Our billing pipeline was suddenly slow. The culprit was a hidden bottleneck in ClickHouse

At Cloudflare, we are heavy users of ClickHouse, an open-source analytical database management system. We redesigned one of our largest ClickHouse tables to add a column to the partitioning key. The change enabled per-tenant retention on a table that serves hundreds of internal teams. The design went through several rounds of revision and review with engineers across multiple teams before we landed on the final approach. But a few weeks after rollout, the jobs that produce most of Cloudflare's bills were running up against their hard daily deadline.

All the usual suspects looked clean: I/O, memory, rows scanned, parts read. Everything we would normally check when a ClickHouse query is slow appeared to be normal. The problem turned out to be lock contention in query planning, something we'd never had reason to look for before.

This is the story of how this migration exposed a hidden bottleneck in ClickHouse's internals, and the patches we wrote to fix it.

The setup: a petabyte-scale analytics platform

We use ClickHouse to store over a hundred petabytes of data across a few dozen clusters. To simplify onboarding for our many internal teams, we built a system called "Ready-Analytics" in early 2022.

The premise is simple: instead of designing new tables, teams can stream data into a single, massive table. Datasets are disambiguated by a namespace, and each record uses a standard schema (e.g., 20 float fields, 20 string fields, a timestamp, and an indexID).

In ClickHouse, the way data is sorted is crucial to query performance. This is where the indexID comes into play. It’s a string field, which forms part of the primary key, meaning that every individual namespace can have its data sorted in a way that is optimal for the queries the owners of that namespace expect to be running. Altogether, we end up with a primary key that looks like this: (namespace, indexID, timestamp).

This system is popular, with hundreds of applications using it. It had already grown to more than 2PiB of data by December 2024, and an ingestion rate of millions of rows per second. But it had one critical flaw: its retention policy.

The problem: one retention policy to rule them all

Cloudflare has been using ClickHouse for many years, since before it had native Time-to-Live (TTL) features. Consequently, we built our own retention system based on partitioning. The Ready-Analytics table was partitioned by day, and our retention job simply dropped partitions older than 31 days.

This "one-size-fits-all" 31-day retention was a major limitation. Some teams needed to store data for years due to legal or contractual obligations, while others needed only a few days.

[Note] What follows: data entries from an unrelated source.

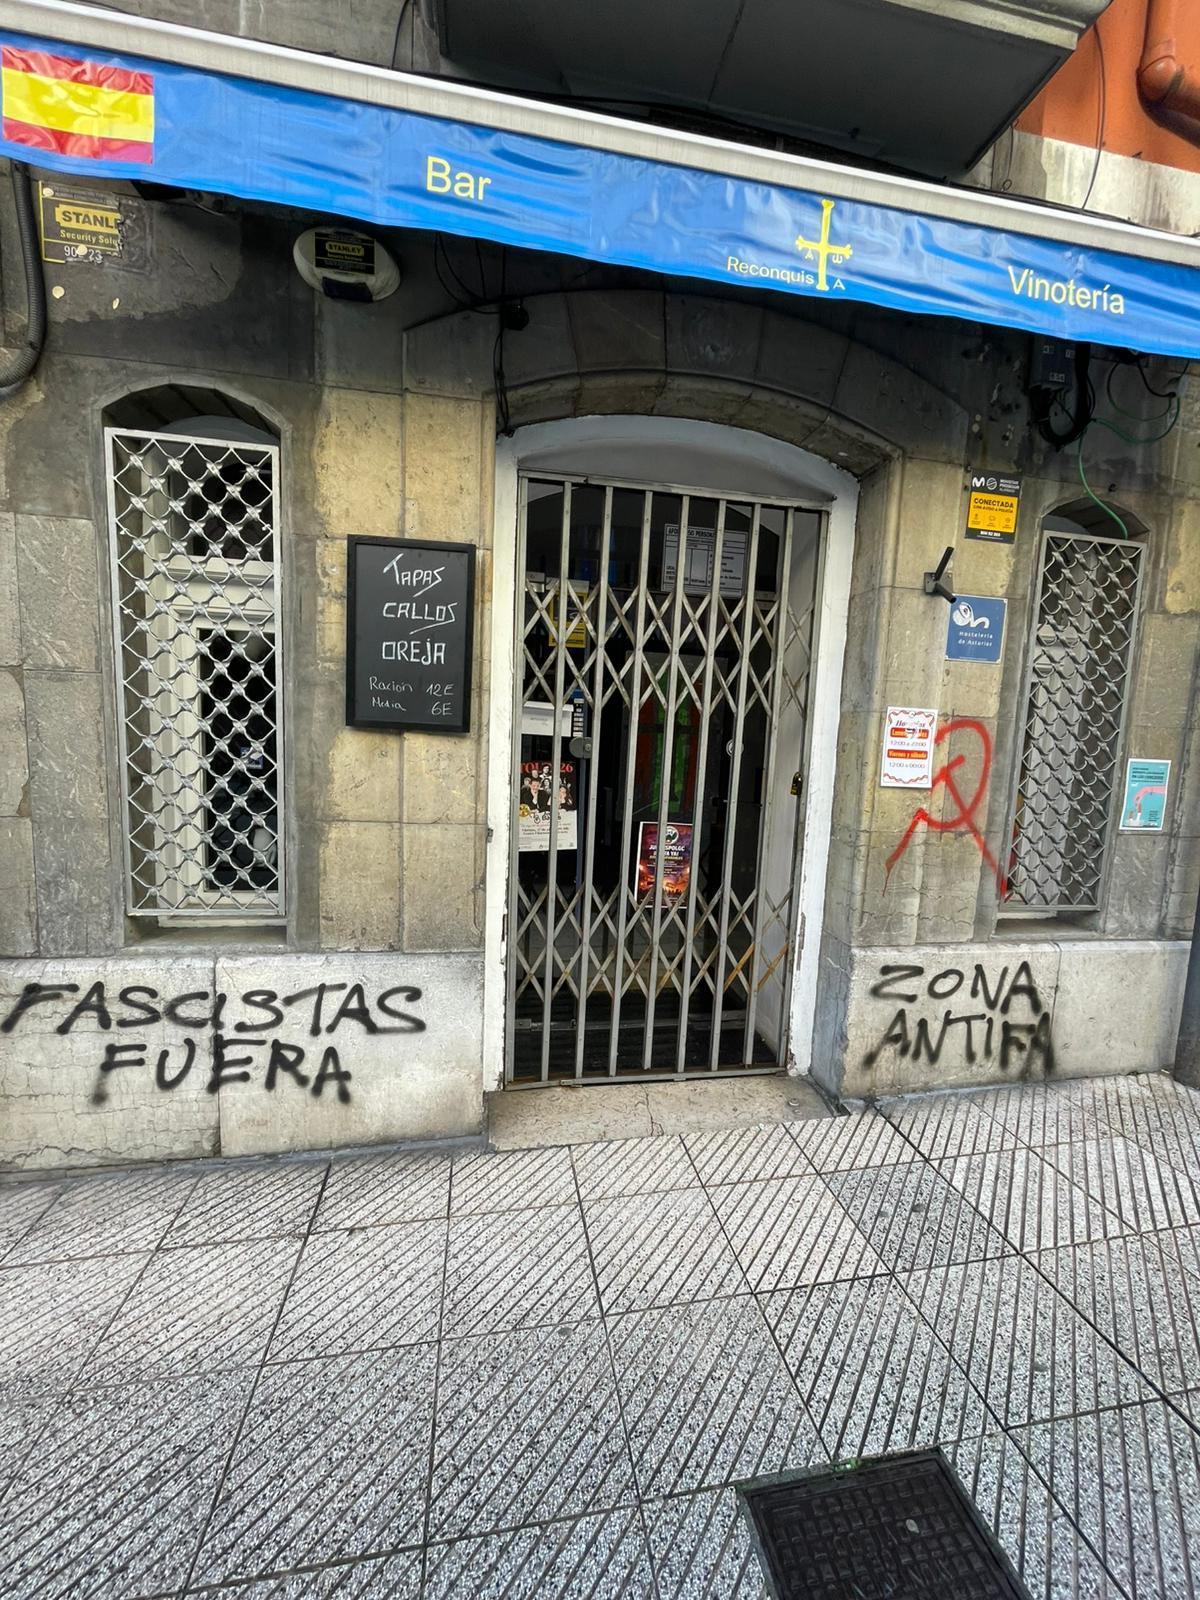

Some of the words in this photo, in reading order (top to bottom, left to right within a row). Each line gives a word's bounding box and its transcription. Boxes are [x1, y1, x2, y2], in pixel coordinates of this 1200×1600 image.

[426, 155, 492, 200] Bar
[60, 229, 97, 243] Security
[1007, 265, 1125, 315] Vinotería
[973, 498, 1014, 508] CONECTADA
[383, 553, 446, 598] TAPAS
[382, 602, 458, 635] CALLOS
[0, 981, 427, 1036] FASCISTAS
[868, 960, 1042, 1015] ZONA
[91, 1033, 353, 1105] FUERA
[861, 1007, 1056, 1084] ANTIFA

This restriction meant these use cases couldn't use Ready-Analytics and had to opt for a conventional setup, which has a far more complex onboarding process.

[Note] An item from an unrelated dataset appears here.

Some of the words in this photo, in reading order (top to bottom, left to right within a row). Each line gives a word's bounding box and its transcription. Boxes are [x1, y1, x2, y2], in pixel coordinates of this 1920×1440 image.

We needed a new system that allowed per-namespace retention.

The solution: a new partitioning scheme

We considered two main approaches:

A Table-per-Namespace: This would naturally solve the retention problem but would require significant new automation to manage thousands of tables on demand.
A New Partitioning Key: We could change the partitioning key from just (day) to (namespace, day).

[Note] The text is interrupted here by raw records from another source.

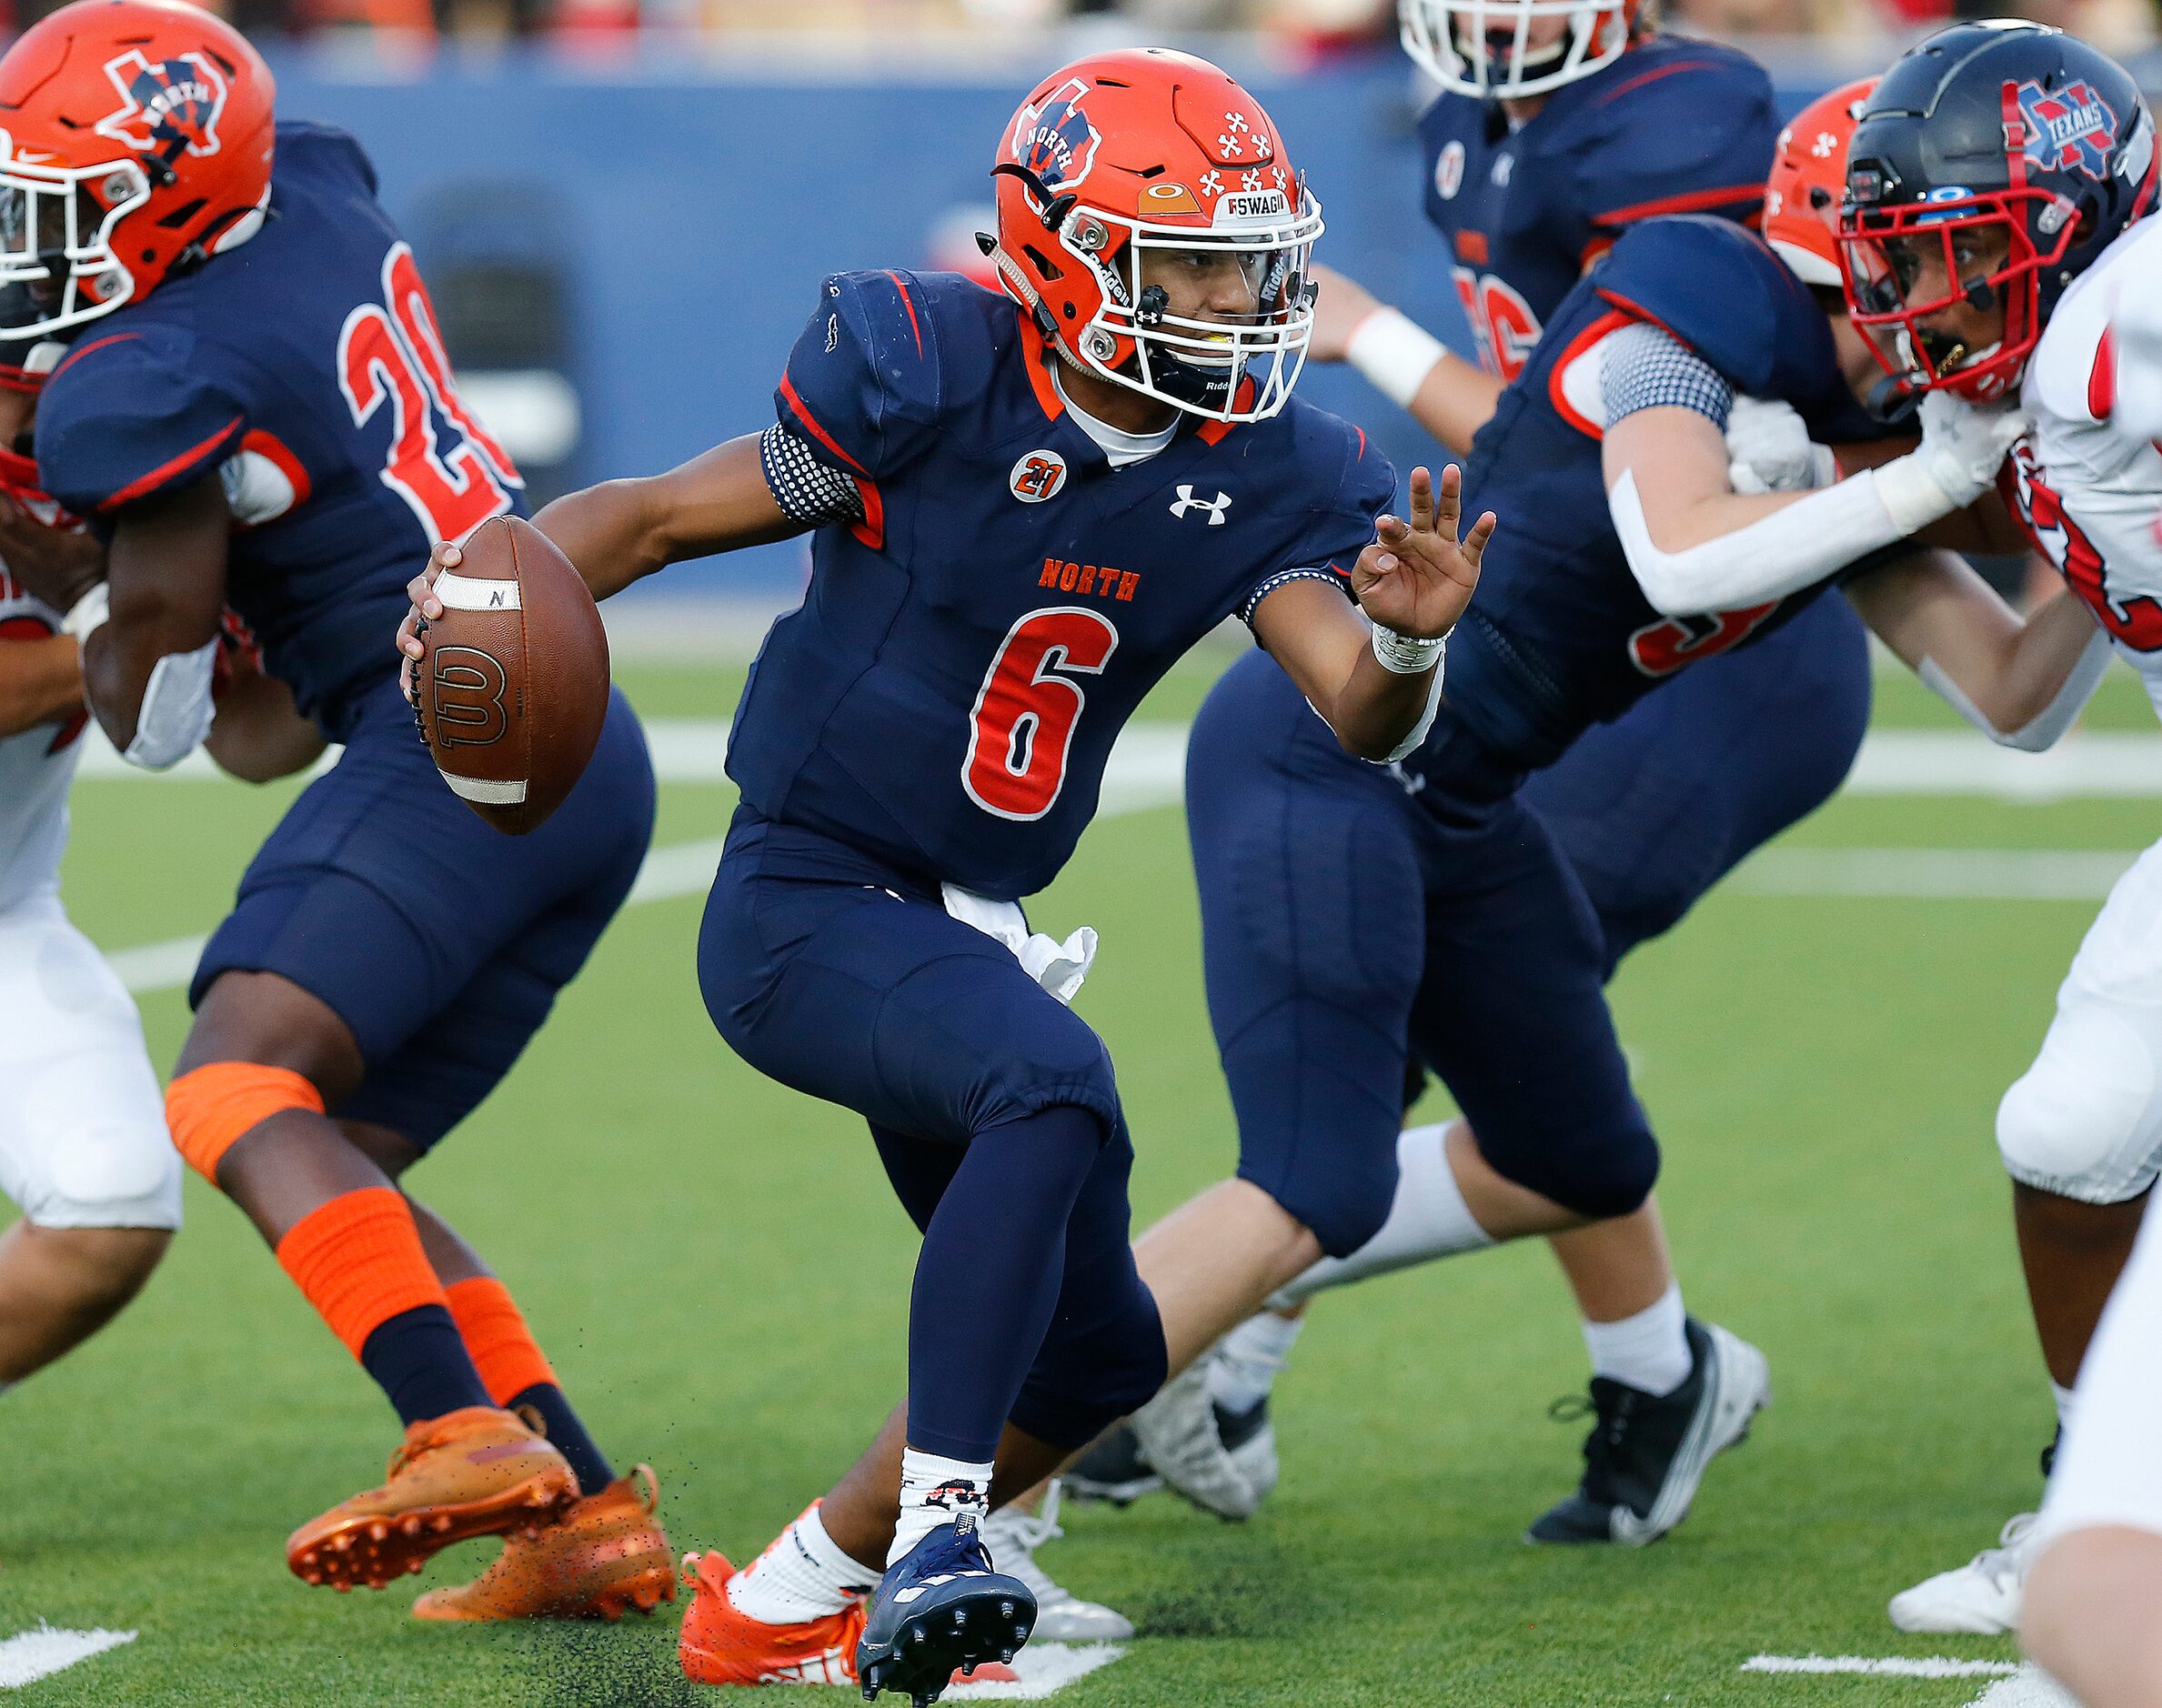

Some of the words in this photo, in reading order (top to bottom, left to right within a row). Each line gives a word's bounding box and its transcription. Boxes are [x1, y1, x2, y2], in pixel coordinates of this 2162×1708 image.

[2046, 102, 2103, 144] TEXANS
[1026, 126, 1073, 171] NORTH
[1206, 382, 1231, 390] Ridd
[1014, 457, 1064, 498] 21
[489, 588, 506, 608] N
[1039, 558, 1141, 602] NORTH
[960, 606, 1119, 822] 6

We chose the second option. This would allow our existing retention system to continue managing partitions, but now with per-namespace granularity.

We knew this would increase the total number of data parts in the table, but we made a key assumption: since every query is filtered by a specific namespace, the number of parts read by any single query shouldn't change. We believed this meant performance would be unaffected.

^{This shows how we changed the partitioning, allowing us to cheaply drop data for a single namespace}

This new system also allowed us to build a sophisticated storage management layer. Using the max-min fairness algorithm, we could set a target disk utilization (e.g., 90%) and automatically "share" available space. Namespaces using less than their fair share would cede their unused capacity to those that needed more. This allowed us to confidently run our clusters at 90% utilization.

We began the migration in January 2025. Using ClickHouse's Merge table feature, we combined the old and new tables, writing all new data to the new partitioned table while the old data aged out.

The mystery: when billing starts to break

Two months later, in late March 2025, our billing team reported that their daily aggregation jobs were slowing down. These jobs are time-critical; if they don't finish, bills don't go out. The jobs were getting progressively slower, and we were approaching a deadline.

We investigated, but none of the usual suspects were to blame. I/O was fine. Memory was fine. The metrics for individual queries showed they were not reading more data or more parts than before. Our initial assumption seemed correct, yet the system was grinding to a halt.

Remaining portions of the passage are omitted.